The eldest son of Maulana AKM Yusuf, nayeb-e-ameer of Jamaat-e-Islami, on Wednesday accused the government of incriminating his father for war crimes out of political vengeance after four decades of independence.
“It’s true that during the Liberation War my father was a diehard supporter of undivided Pakistan, but he was not involved in any sort of criminal activities like the prescribed crimes against humanity,” said AKM Mahbubur Rahman while testifying in favor of his father as defence witness before the International Crimes Tribuinal-2.

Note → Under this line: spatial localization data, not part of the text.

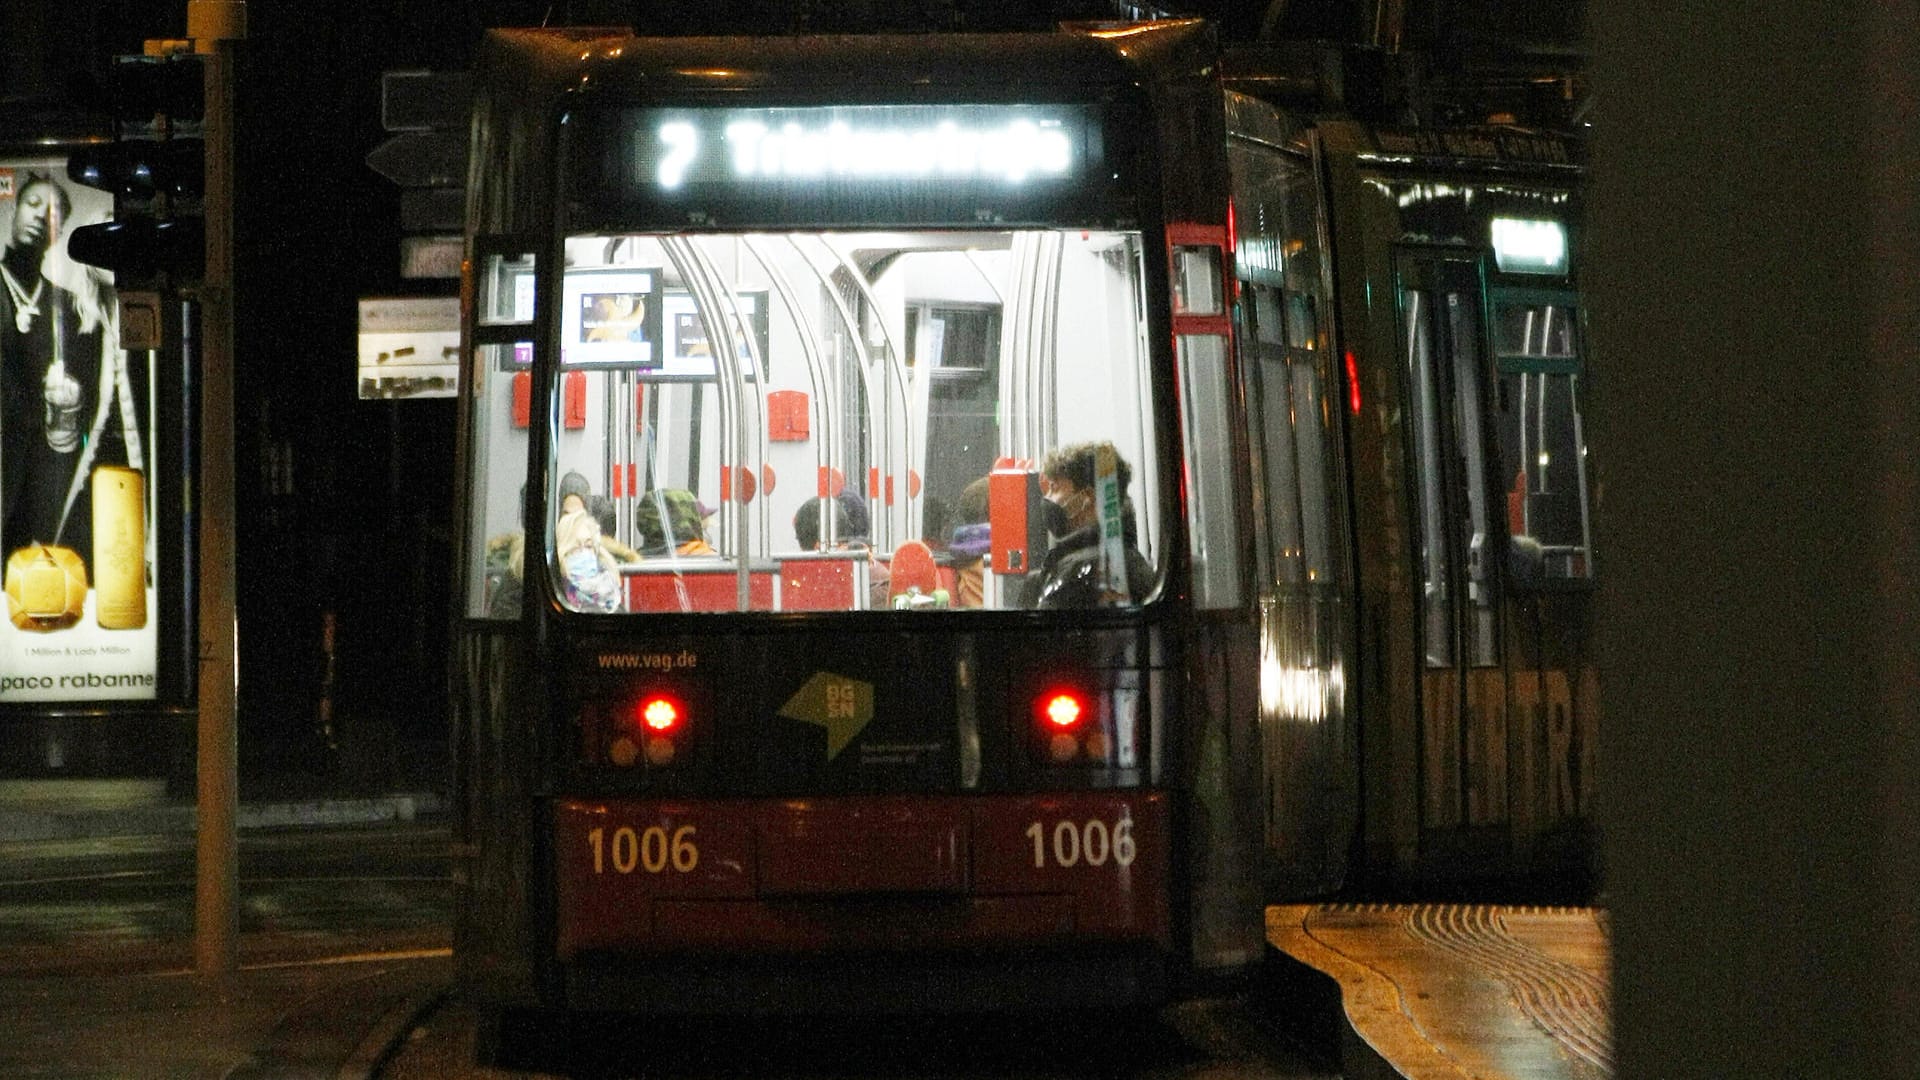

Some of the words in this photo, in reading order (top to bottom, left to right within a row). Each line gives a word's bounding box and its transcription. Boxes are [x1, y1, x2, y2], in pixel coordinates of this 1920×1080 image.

[658, 122, 698, 188] 7
[31, 647, 62, 657] Million
[64, 647, 71, 656] &
[75, 647, 97, 657] Lady
[101, 646, 131, 656] Million
[598, 649, 697, 673] www.vag.de
[0, 675, 54, 693] paco
[60, 672, 153, 689] rabanne
[588, 825, 699, 874] 1006
[1025, 818, 1137, 868] 1006

Recalling his father’s connivance with the Pakistan junta during the 1971 Liberation War, Mahbub told the tribunal that his father AKM Yusuf, after getting appointment in the Malik Cabinet, had shifted his whole family to Dhaka from Khulna in mid-September. “Then we started to live at Minto Road residence.”

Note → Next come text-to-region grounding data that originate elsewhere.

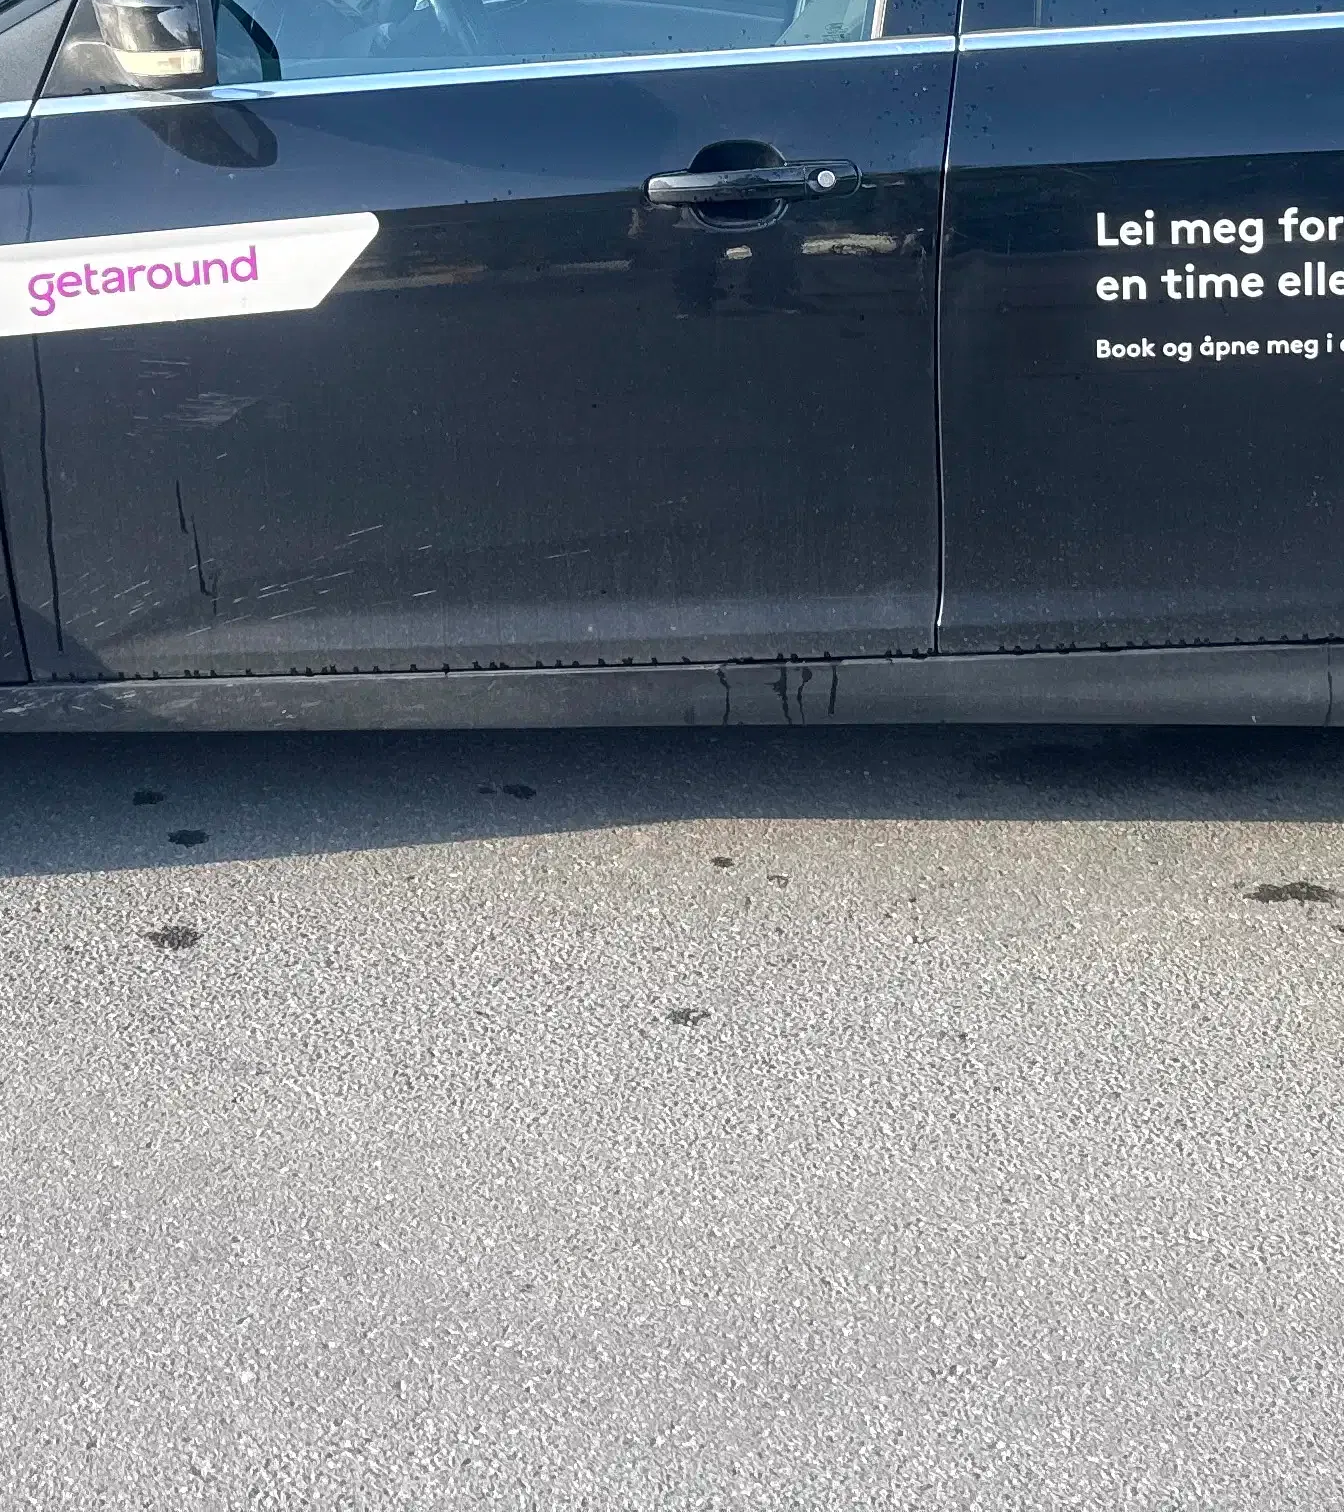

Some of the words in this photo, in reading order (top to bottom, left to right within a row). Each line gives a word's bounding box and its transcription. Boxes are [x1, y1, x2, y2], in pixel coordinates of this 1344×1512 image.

[1096, 209, 1155, 247] Lei
[1170, 214, 1264, 255] meg
[1277, 206, 1344, 242] for
[27, 245, 259, 317] getaround
[1096, 274, 1147, 301] en
[1160, 263, 1265, 300] time
[1096, 337, 1156, 359] Book
[1162, 342, 1193, 362] og
[1199, 335, 1260, 362] åpne
[1266, 339, 1319, 360] meg
[1326, 332, 1334, 354] i
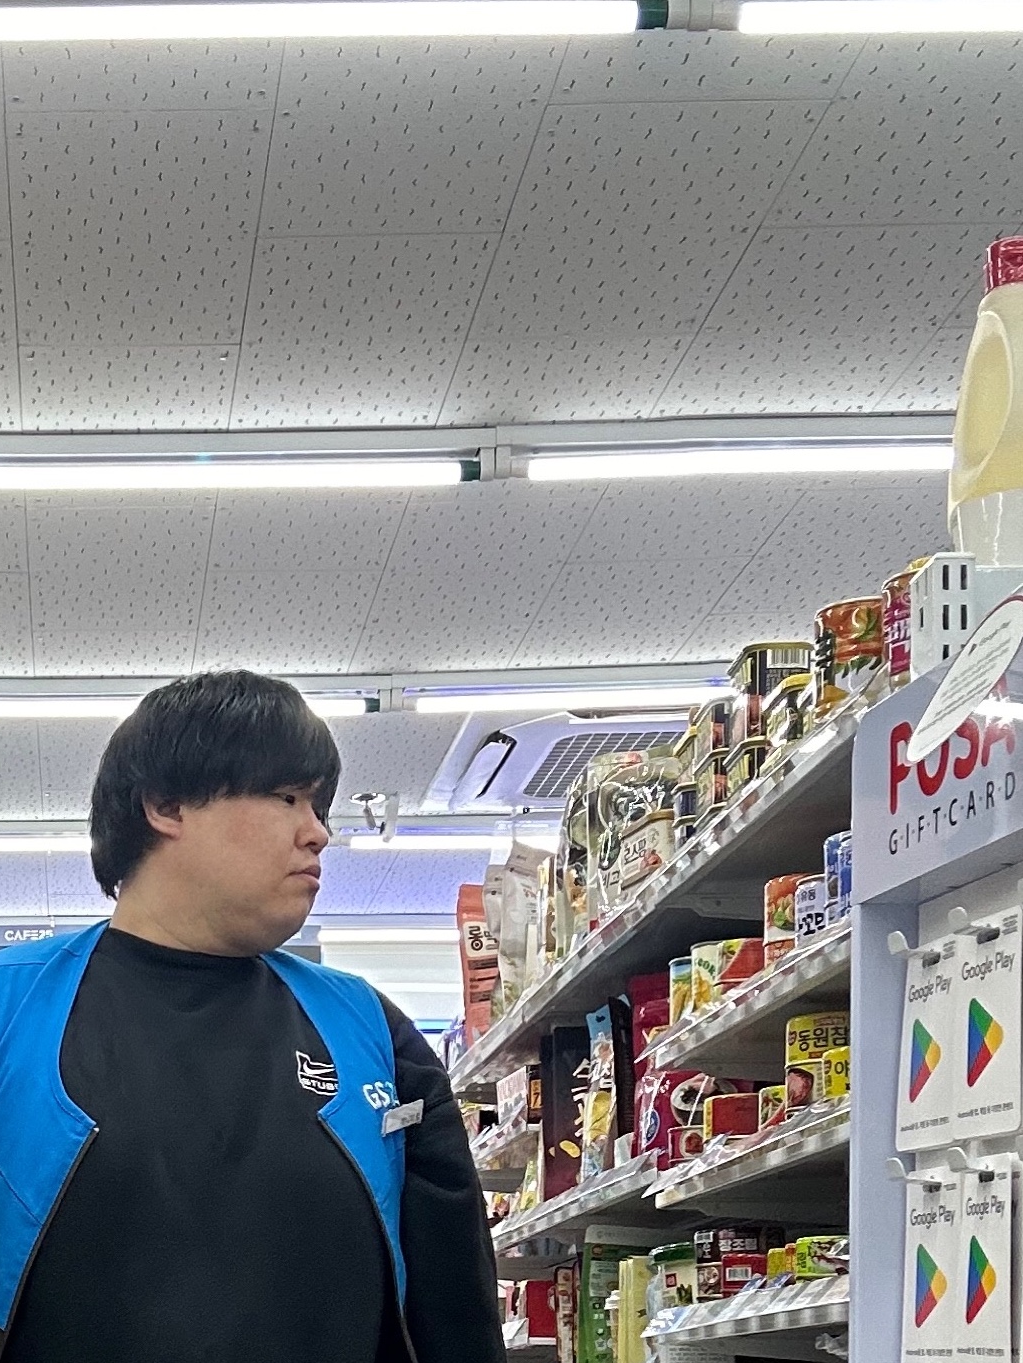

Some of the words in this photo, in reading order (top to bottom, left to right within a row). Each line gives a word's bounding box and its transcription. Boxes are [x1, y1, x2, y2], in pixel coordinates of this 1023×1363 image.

[962, 956, 993, 984] Google
[994, 950, 1016, 974] Play
[908, 979, 936, 1003] Google
[936, 974, 953, 996] Play
[910, 1208, 937, 1229] Google
[938, 1204, 955, 1228] Play
[966, 1196, 990, 1220] Google
[990, 1194, 1006, 1218] Play

During the deposition, he told the court that they are three brothers and five sisters. “Except my father none us are involved in politics,” said Mahbub.
With his accused father in the dock, the lone DW said that following the resignation of the Malik Cabinet on December 14, 1971, his father along with his entire family sought refuge in then Hotel Intercontinental (now Hotel Ruposhi Bangla) as it was declared neutral zone by the International Red Cross.
He further said: “Five-six days after Bangladesh was liberated from the Pakistan occupation forces, the Red Cross authorities had handed us to the Indian army and then they had taken us to Dhaka Cantonment for shelter.”
“We had been in Dhaka Cantonment for at best one and half-months,” recalled Mahbub, saying that at one stage, the detained ministers of Malik Cabinet were sent to jail after the Indian army had handed them over to Bangladesh government.
Mahbub admitted before the tribunal that his father was tried under the Collaborators Act 1972 and the special tribunal sentenced him to life term imprisonment. But he was released from jail before December 16, 1973, following a conditional general amnesty declared by Bangabandhu Sheikh Mujibur Rahman, he said, adding that the amnesty was not granted to those 1971 collaborators convicted or accused of murder, rape, arson and loot.
The DW, however, said, after the general amnesty, the High Court had acquitted my father of the charges following appeal against the trial court conviction and sentence.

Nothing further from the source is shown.